C. Balance between Career and Personal Life

The following points are intended to facilitate a discussion about balancing career and personal life, putting daily pressures into perspective, reconciling job expectations with actual experience, and maximizing career satisfaction.

  1. Share with the new lawyer techniques to create and maintain balance between personal and professional life. Share your own experiences, including successes and failures, in finding balance between your personal life and career.
  2. Discuss strategies to achieve the following components to balancing personal and professional life. (For specific strategies, see The Young Attorney Balancing Act: How to Have a Career—and a Life cited below.)
    1. How to create expectations for your employer and clients that are compatible with a healthy and balanced lifestyle.
    2. How to give your all at work while saving energy and emotion for family and self.
    3. How to maintain physical health with a busy schedule and how doing so contributes to your productivity and success.
    4. How to make nutritious choices at home, at work, or on the road, and how doing so maximizes performance and energy levels.
    5. How to plan ahead for the challenges of caring for children or aging parents.
    6. How to develop and maintain friendships or other relationships when time seems to be in critically short supply.
    7. How to foster professional relationships.
    8. How to be efficient and productive at work, as well as how to prioritize and delegate tasks.
  3. Share stress management techniques.

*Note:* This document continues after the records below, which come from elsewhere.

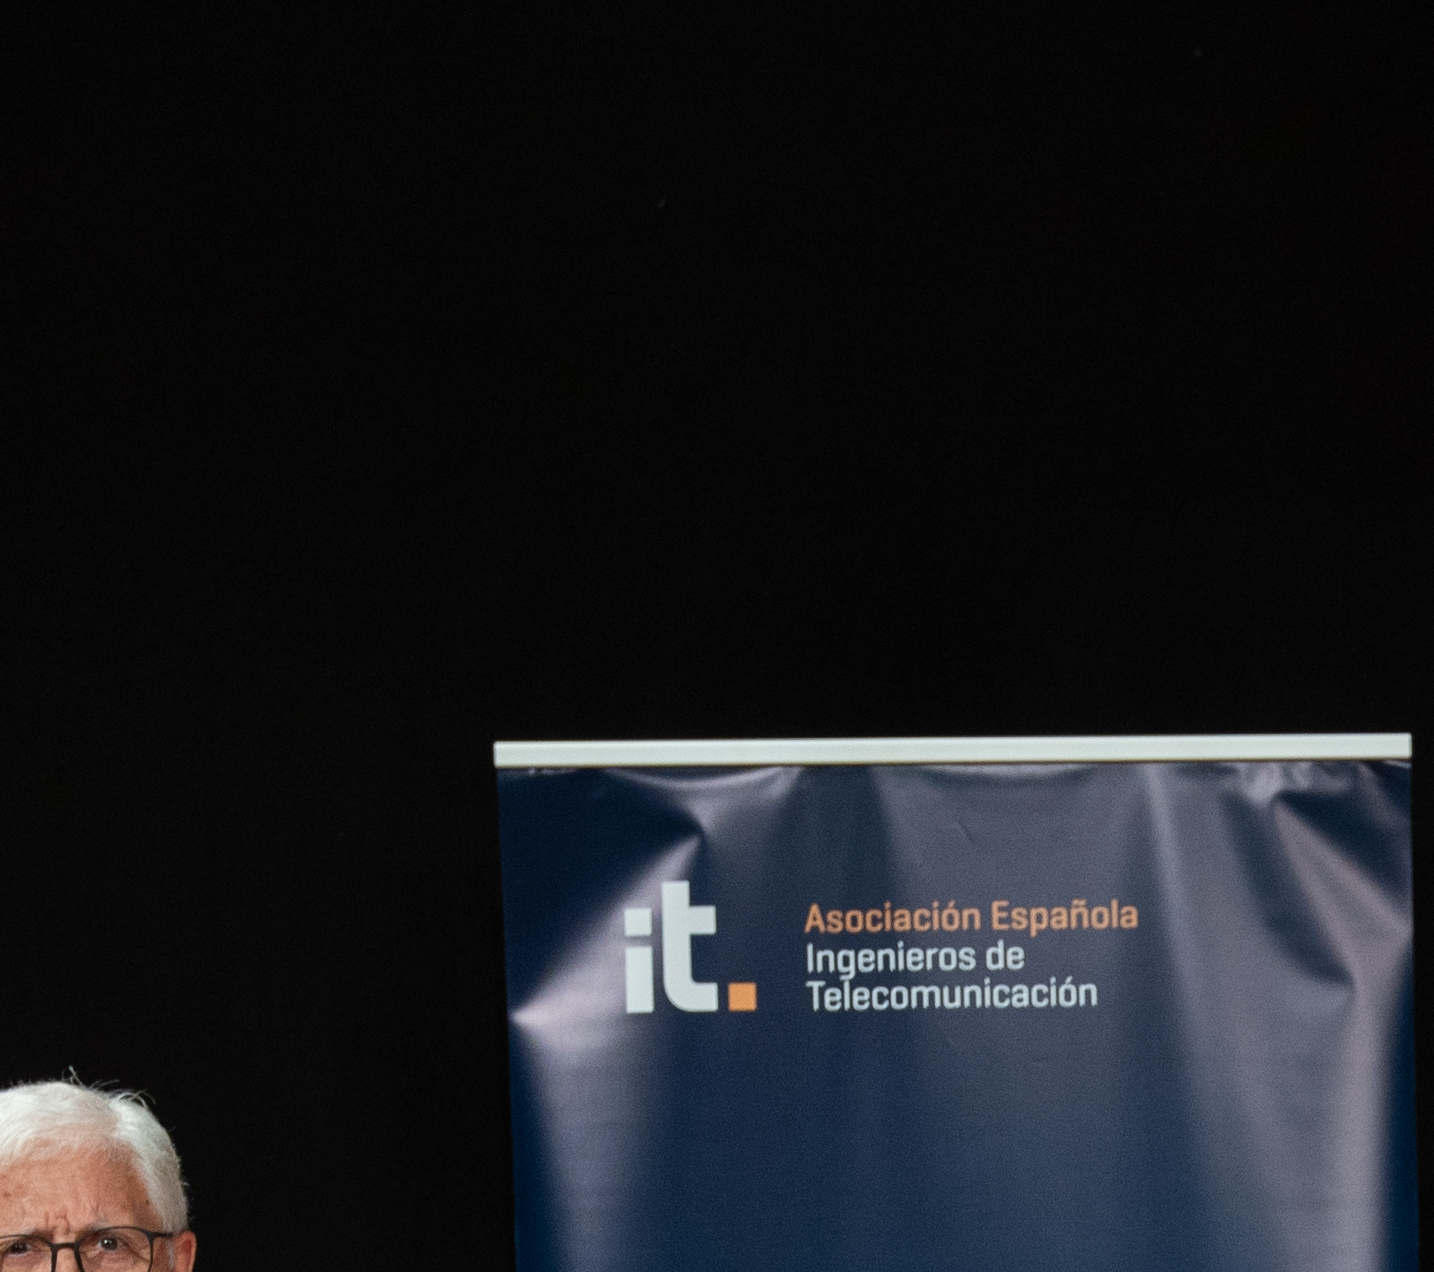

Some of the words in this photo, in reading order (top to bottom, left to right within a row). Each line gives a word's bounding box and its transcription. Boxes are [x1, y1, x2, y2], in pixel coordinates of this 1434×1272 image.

[804, 900, 982, 936] Asociación
[991, 897, 1139, 938] Española
[805, 941, 978, 981] Ingenieros
[986, 939, 1025, 973] de
[805, 975, 1097, 1014] Telecomunicación
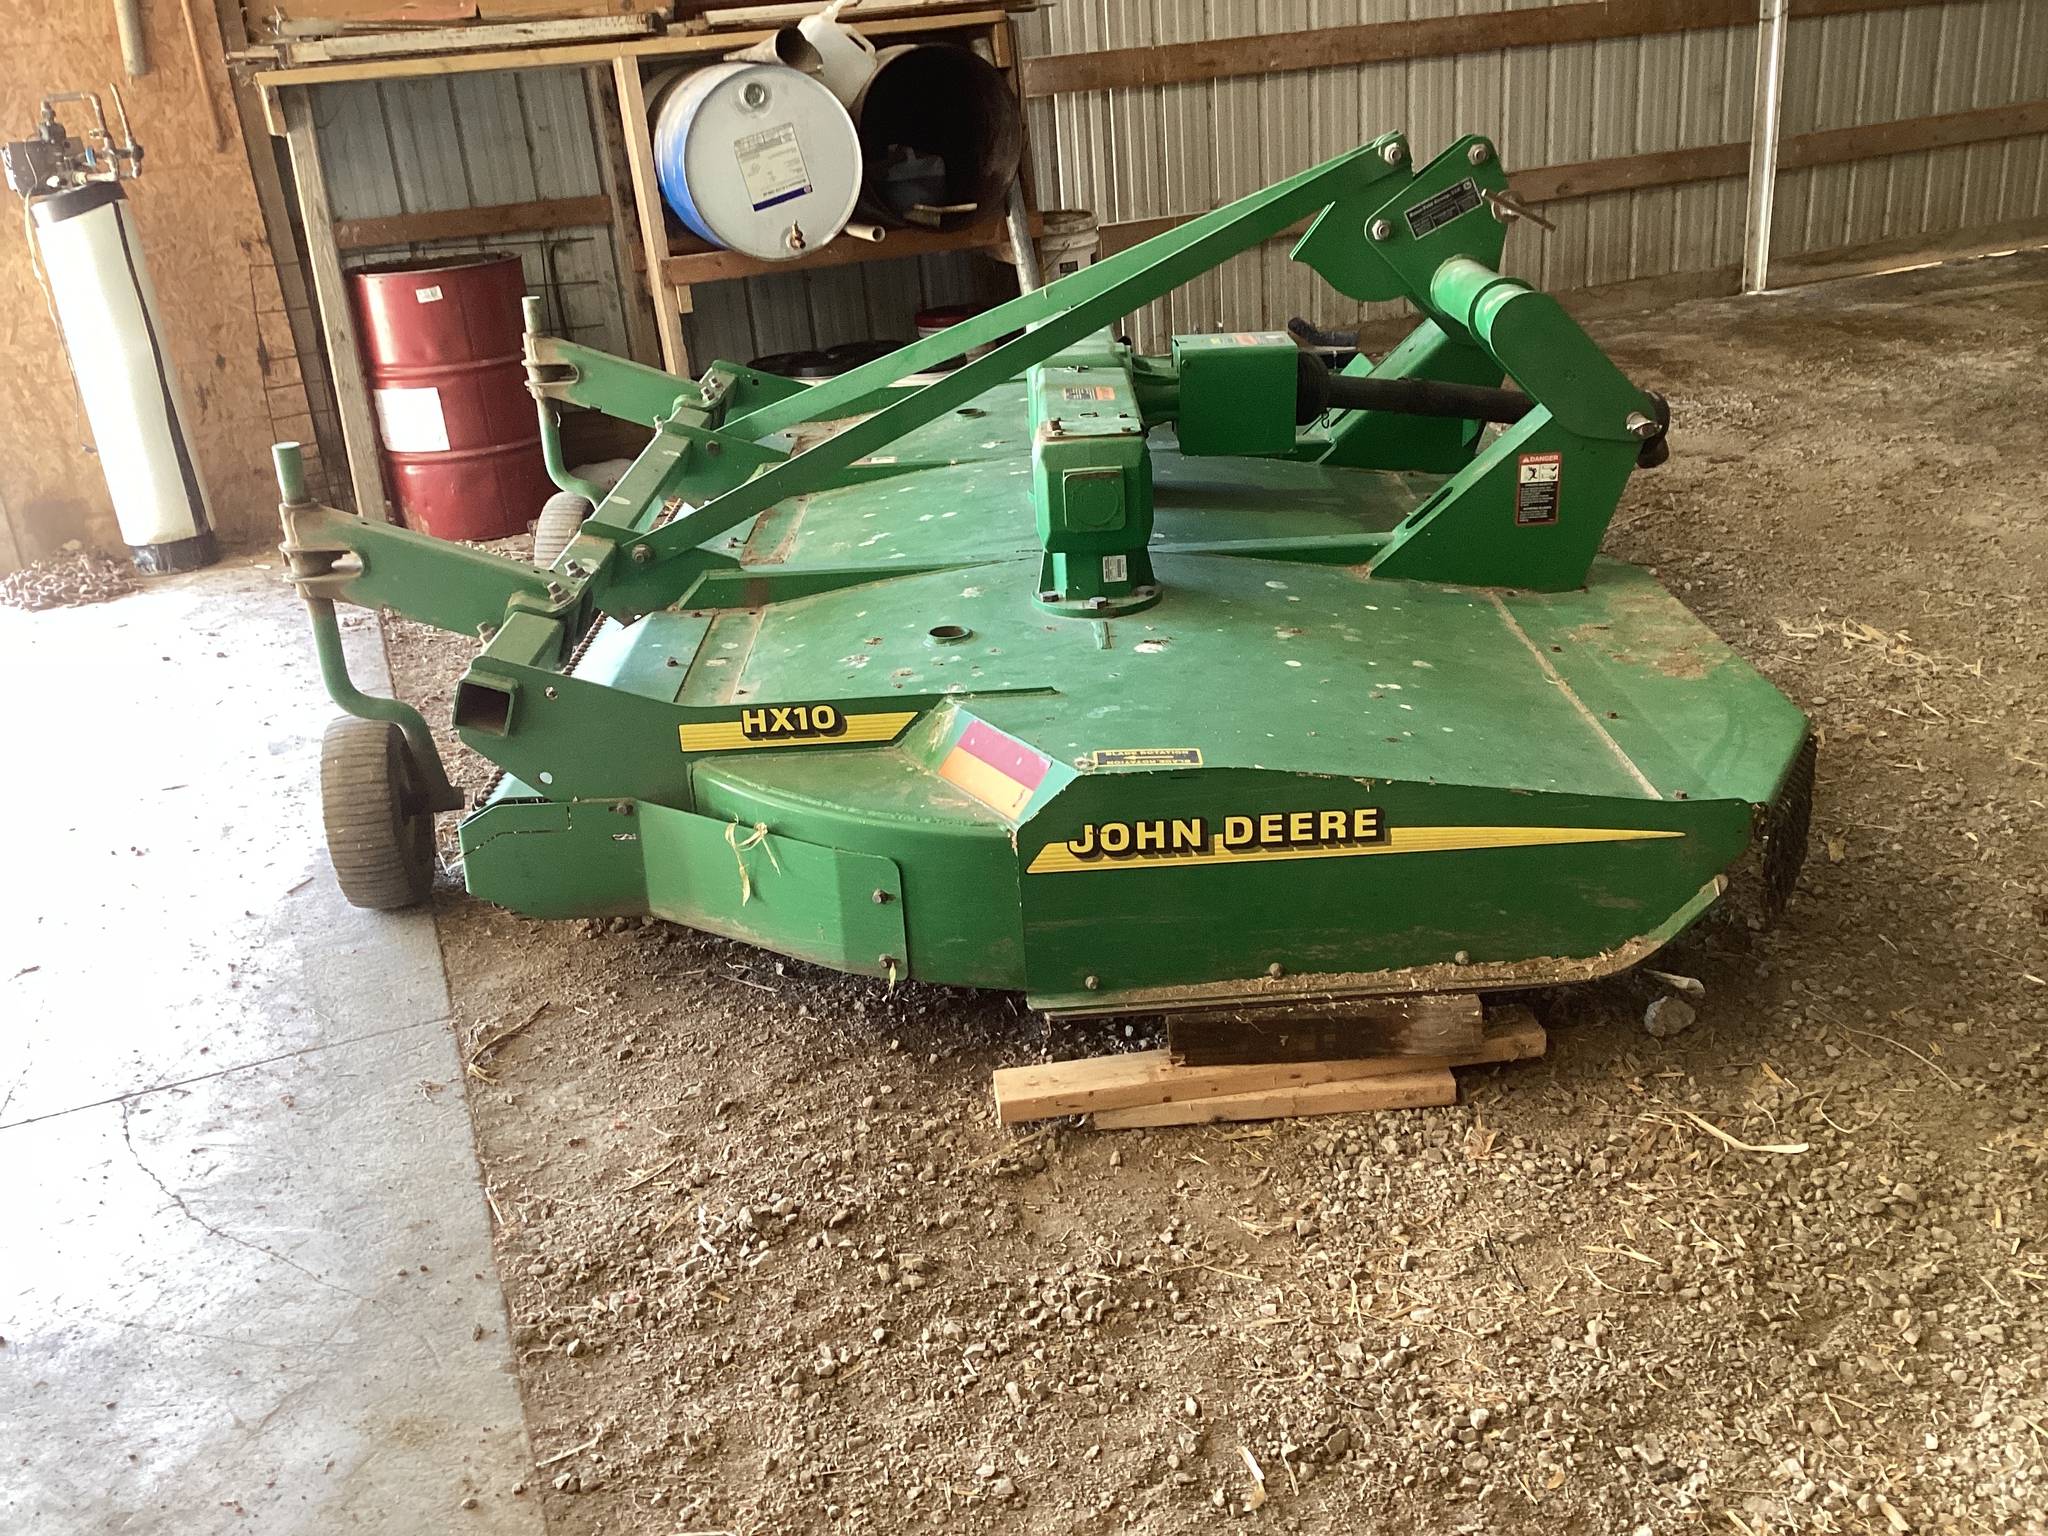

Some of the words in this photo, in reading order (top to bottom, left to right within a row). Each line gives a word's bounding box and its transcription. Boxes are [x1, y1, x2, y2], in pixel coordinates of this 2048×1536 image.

[741, 704, 838, 736] HX10
[1068, 817, 1203, 856] JOHN
[1223, 807, 1380, 846] DEERE

Refer to the Mayo Clinic’s basic stress management tips, available at: http://www.mayoclinic.com/health/stress-relievers/MY01373. Discuss the article: Pat McHenry Sullivan, You Can Find Time to De-Stress, Law Practice Today, Feb. 2006, http://apps.americanbar.org/lpm/lpt/articles/mgt02064.shtml.
  4. Discuss how to reconcile job expectations with the actual experience at work. Discuss the new lawyer’s expectations for his or her job and the rationale(s) underlying those expectations. Does the new lawyer want to help people? Does the new lawyer want to pay off student loan debt? Does the new lawyer seek meaning in his or her professional life? Consider discussing this piece if the new lawyer is a Millennial and the answer to this last question is “yes”: http://www.nytimes.com/2013/12/01/opinion/sunday/millennial-searchers.html?_r=0. With these rationales in mind, identify the aspects of the new lawyer’s job which do not meet his or her expectations. Keeping the new lawyer’s underlying rationales in mind, determine together whether the expectations are realistic and discuss ways to make changes which will positively affect the work experience.
  5. Discuss ways to maintain a positive attitude at work and create a positive work environment to maximize enjoyment of work.
  6. Discuss the importance of identifying an individual or individuals in the work setting who can help answer questions about the culture of the office and how to balance a career with one’s personal life. If mentoring in-house, help the new lawyer identify that person (if it is not the mentor) or those people.
  7. Discuss ways to positively deal with the criticism of employers and clients.
  8. Discuss the “dos” and “don’ts” of leaving a job because of job dissatisfaction, including the following tips:
    1. DO work hard until you leave. If you are in the process of looking for another job, it may be easier to find one while you still have one.
    2. DON’T burn bridges by leaving on bad terms. You never know when and how you will have to interact with a member of your old firm in the future, or whether you will want to come back to your old firm.
    3. DO be careful about the reasons you say you are leaving. To keep the relationships you have built intact, keep your reasons for leaving focused on the positive growth you expect by moving on rather than the negative experience you had which caused you to want to leave.
    4. DON’T forget to mend difficult relationships before you go. Find something nice to say and shake hands with those you had problems with at your old employer so that you will be remembered as pleasantly as possible.
    5. DO stay in touch with your old employer. Maintain the good relationships you built because an old employer always has influence over your career and your reputation.

Resources: 

Victoria Santoro, The Young Attorney Balancing Act: How to Have a Career—and a Life, Law Practice Today (2013), http://tinyurl.com/jvwlh64.

Kleinpeter, Amy E. Clark, Balancing Life and Work, ABA YLD 101 Practice Series (2007), http://www.americanbar.org/content/dam/aba/migrated/yld/mo/balance.authcheckdam.pdf.

Sharon Meit Abrahams, 100 Plus Pointers for New lawyers on Adjusting to Your JobABA Publishing (2004), http://tinyurl.com/k6gyuvq.

Kathy Morris et al., Ask the Career Counselors…Answers for Lawyers on Their Lives and Life’s WorkABA Publishing (2003).

M. Diane Vogt et al., Keeping Good Lawyers: Best Practices to Create Career SatisfactionABA Publishing (2000).

George W. Kaufman, Lawyers Guide to Balancing Life and Work: Taking Stress Out of SuccessABA Publishing (1999).

“Striving for Balance in a High Stress Job” is a one hour online CLE developed by the Lawyer’s Assistance Program available at www.lapcle.org.